▸ Phrase grounding data:
--------------------------------------------------

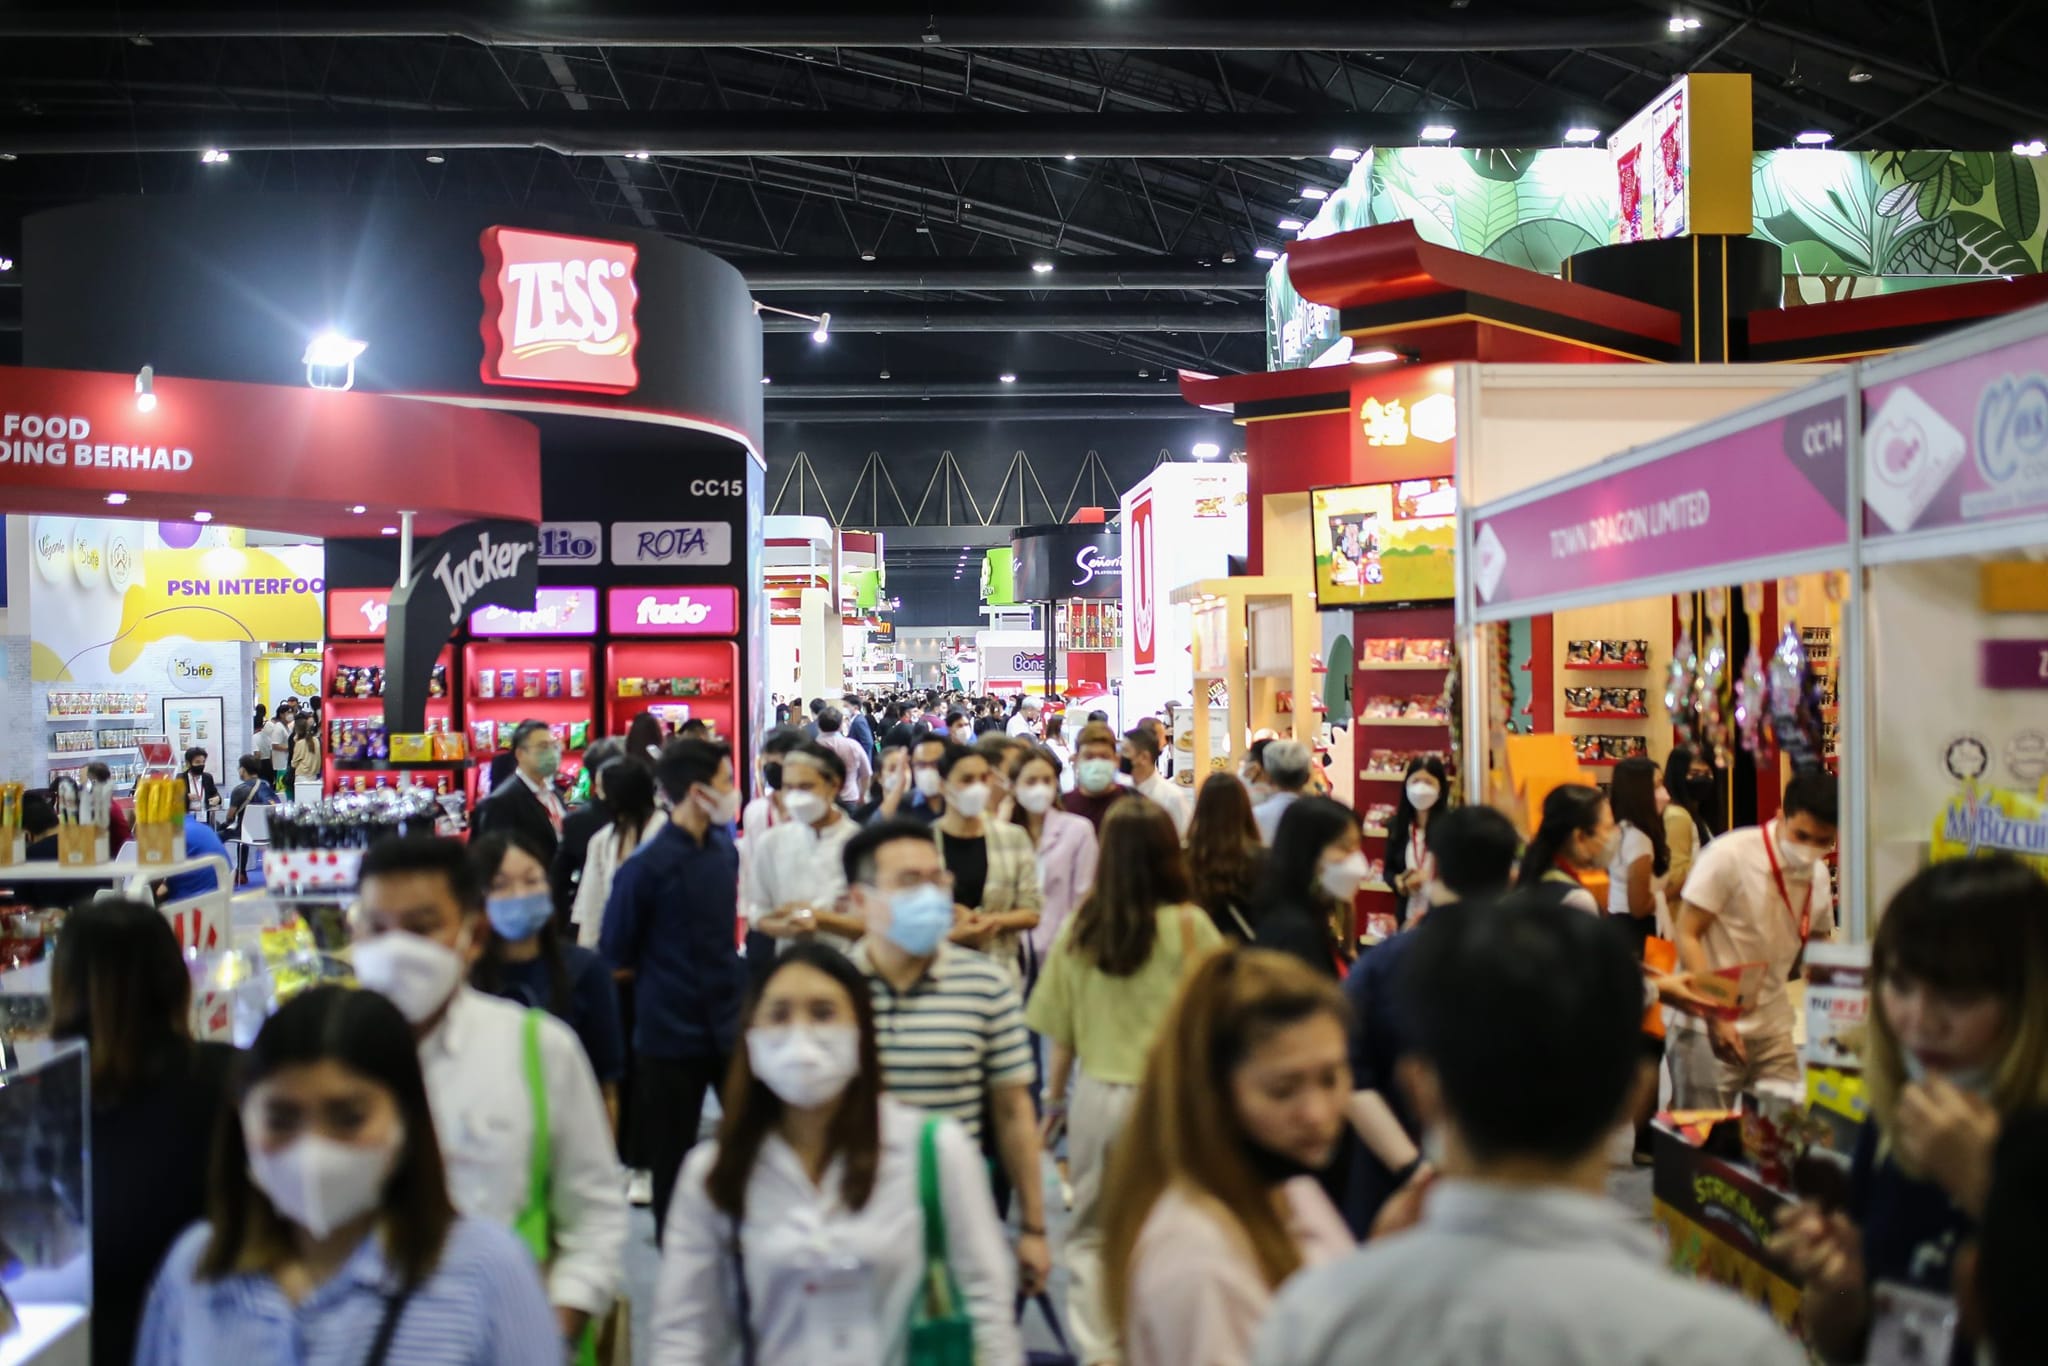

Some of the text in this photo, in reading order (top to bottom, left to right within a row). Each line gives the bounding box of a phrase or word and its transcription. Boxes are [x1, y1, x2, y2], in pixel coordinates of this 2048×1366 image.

[508, 259, 618, 346] ZESS
[4, 415, 90, 440] FOOD
[1802, 418, 1842, 456] CC14
[74, 444, 193, 471] BERHAD
[690, 480, 743, 496] CC15
[1550, 490, 1710, 558] TOWN DRAGON LIMITED
[538, 529, 596, 559] lio
[637, 528, 706, 558] ROTA
[167, 580, 211, 596] PSN
[432, 532, 525, 625] Jacker
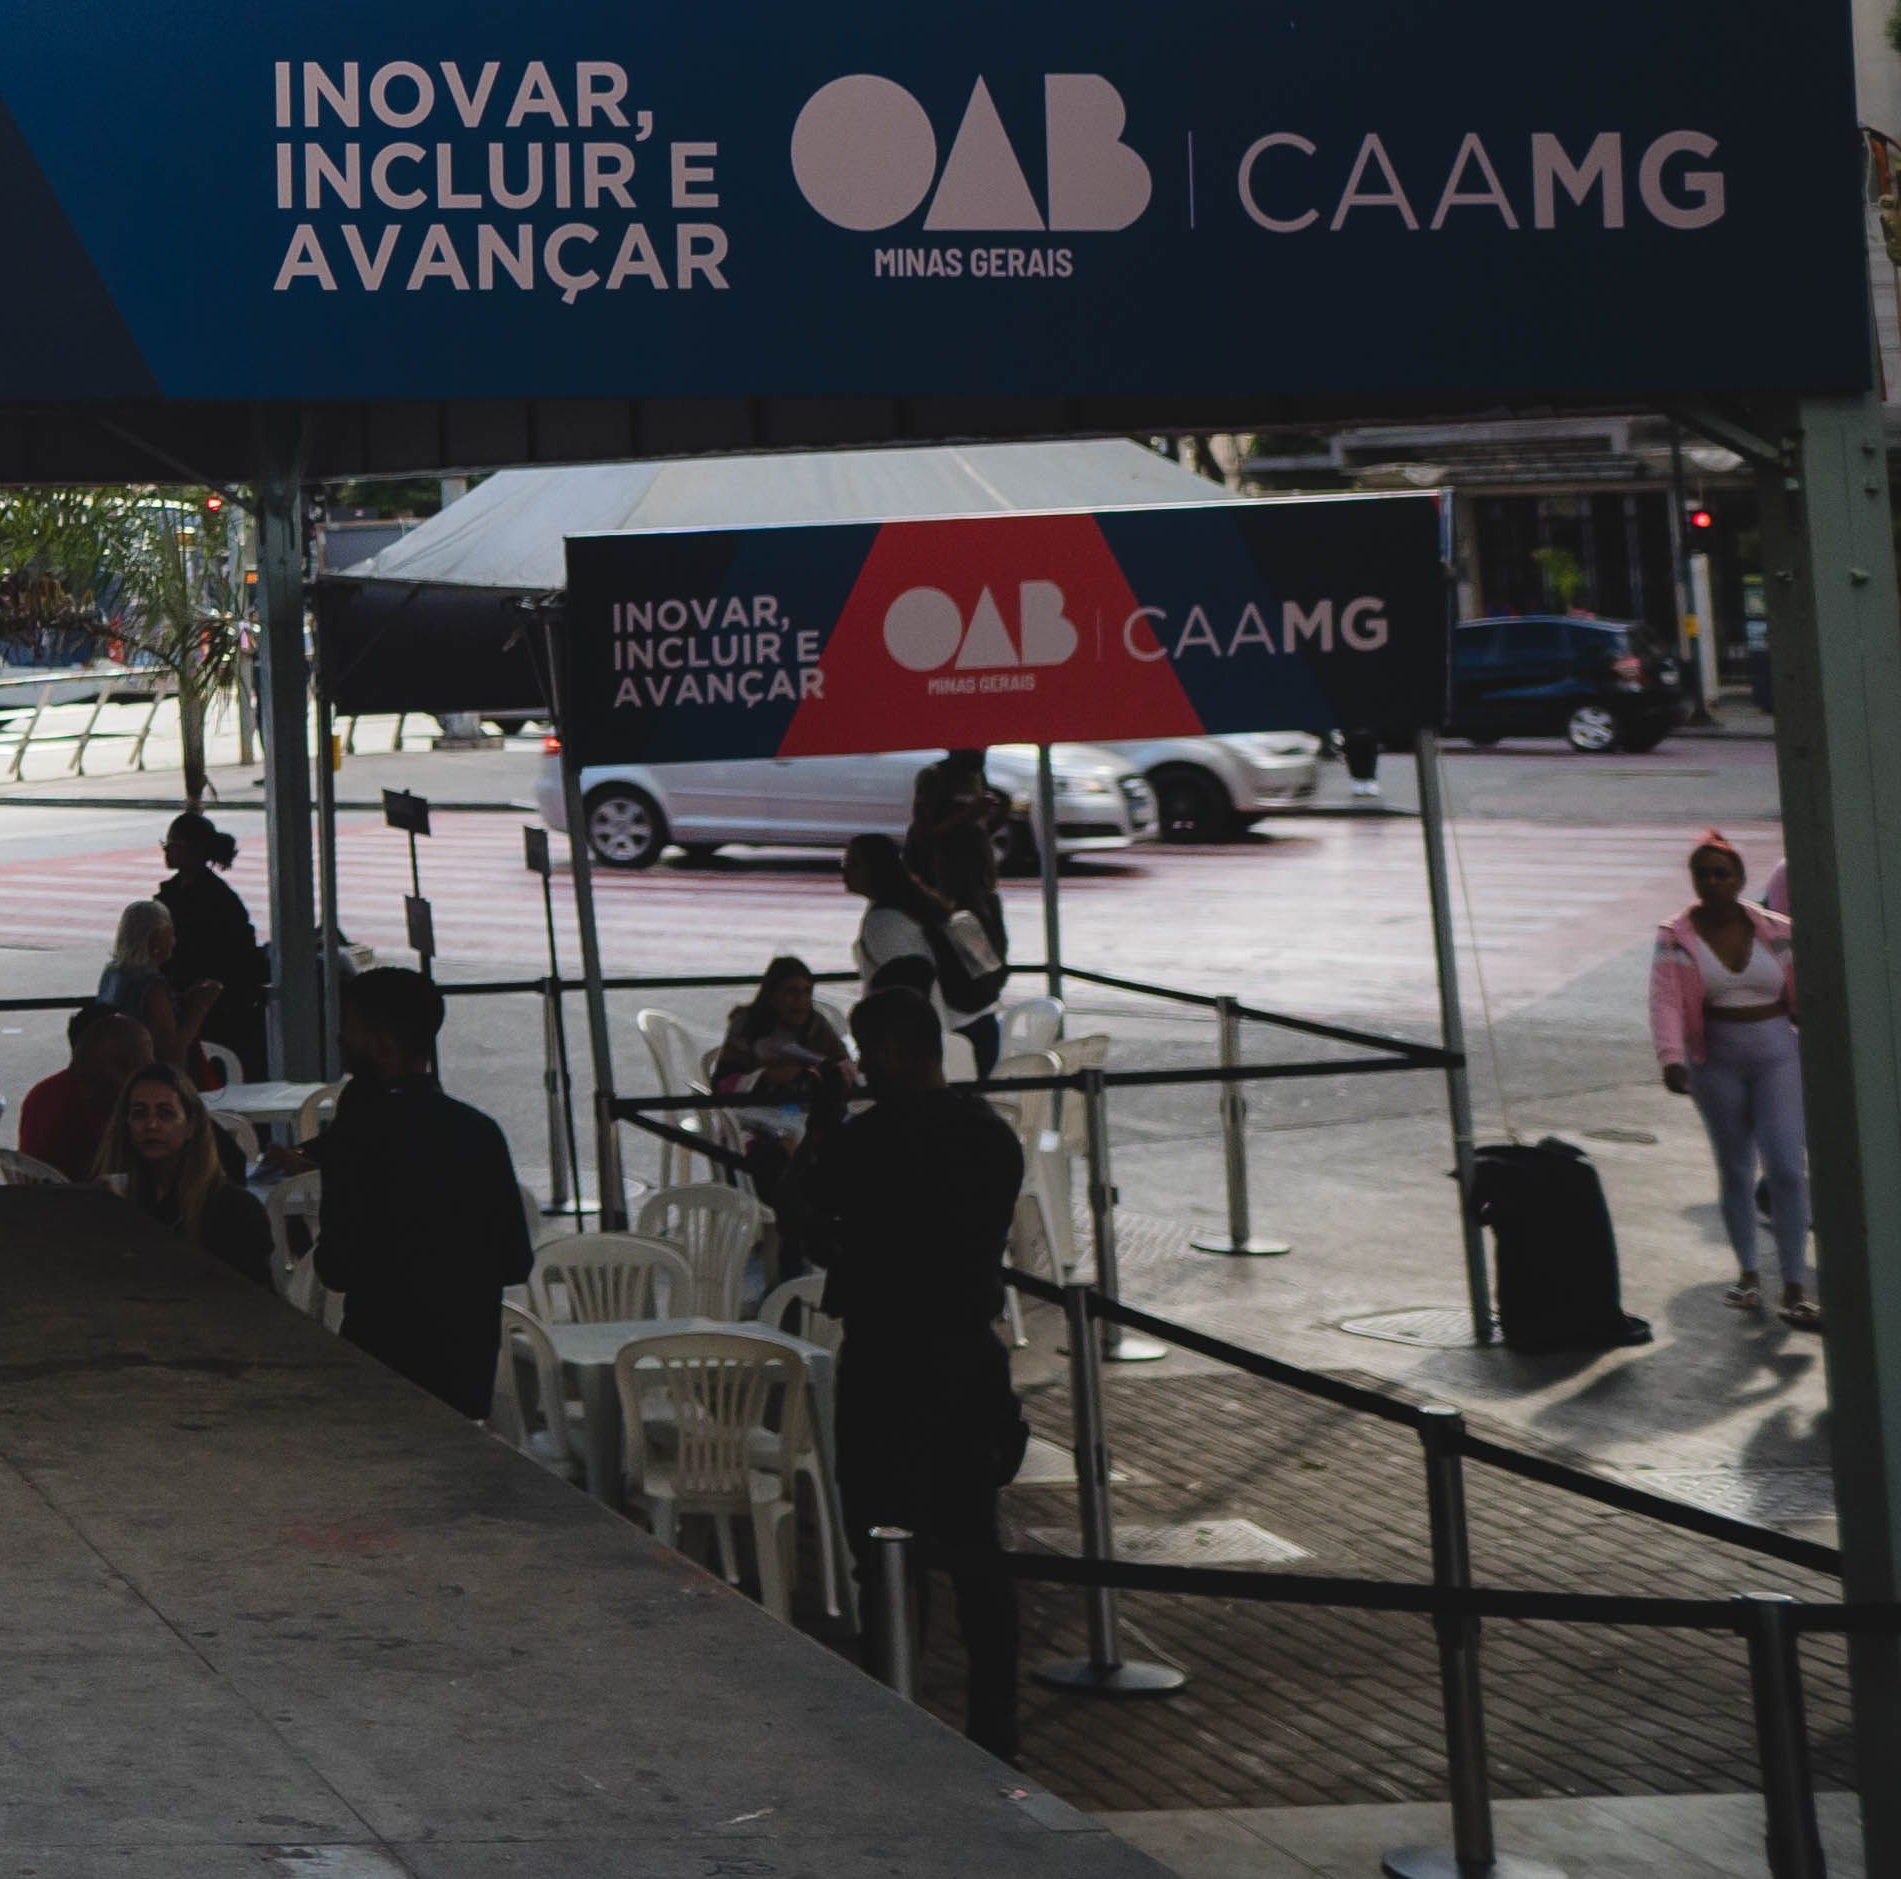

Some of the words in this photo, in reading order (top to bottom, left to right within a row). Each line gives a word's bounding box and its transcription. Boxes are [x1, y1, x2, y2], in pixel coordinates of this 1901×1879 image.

[275, 61, 653, 142] INOVAR,
[276, 143, 638, 209] INCLUIR
[670, 142, 719, 208] E
[791, 74, 1152, 231] OAB
[1238, 131, 1725, 232] CAAMG
[273, 223, 729, 304] AVANÇAR
[875, 248, 962, 277] MINAS
[970, 248, 1073, 277] GERAIS
[613, 595, 790, 633] INOVAR,
[883, 579, 1078, 670] OAB
[1123, 598, 1388, 662] CAAMG
[613, 633, 781, 669] INCLUIR
[797, 630, 819, 663] E
[614, 667, 824, 709] AVANÇAR

--------------------------------------------------

▸ ACTIVITY: Line by line, print the records exactly, leaving the pictures behind.

▸ SOLUTION TO THE EXERCISE:
Some of the text in this photo, in reading order (top to bottom, left to right within a row). Each line gives the bounding box of a phrase or word and its transcription. Boxes are [x1, y1, x2, y2], in pixel coordinates of this 2048×1366 image.

[508, 259, 618, 346] ZESS
[4, 415, 90, 440] FOOD
[1802, 418, 1842, 456] CC14
[74, 444, 193, 471] BERHAD
[690, 480, 743, 496] CC15
[1550, 490, 1710, 558] TOWN DRAGON LIMITED
[538, 529, 596, 559] lio
[637, 528, 706, 558] ROTA
[167, 580, 211, 596] PSN
[432, 532, 525, 625] Jacker

Some of the words in this photo, in reading order (top to bottom, left to right within a row). Each line gives a word's bounding box and its transcription. Boxes are [x1, y1, x2, y2], in pixel coordinates of this 1901×1879 image.

[275, 61, 653, 142] INOVAR,
[276, 143, 638, 209] INCLUIR
[670, 142, 719, 208] E
[791, 74, 1152, 231] OAB
[1238, 131, 1725, 232] CAAMG
[273, 223, 729, 304] AVANÇAR
[875, 248, 962, 277] MINAS
[970, 248, 1073, 277] GERAIS
[613, 595, 790, 633] INOVAR,
[883, 579, 1078, 670] OAB
[1123, 598, 1388, 662] CAAMG
[613, 633, 781, 669] INCLUIR
[797, 630, 819, 663] E
[614, 667, 824, 709] AVANÇAR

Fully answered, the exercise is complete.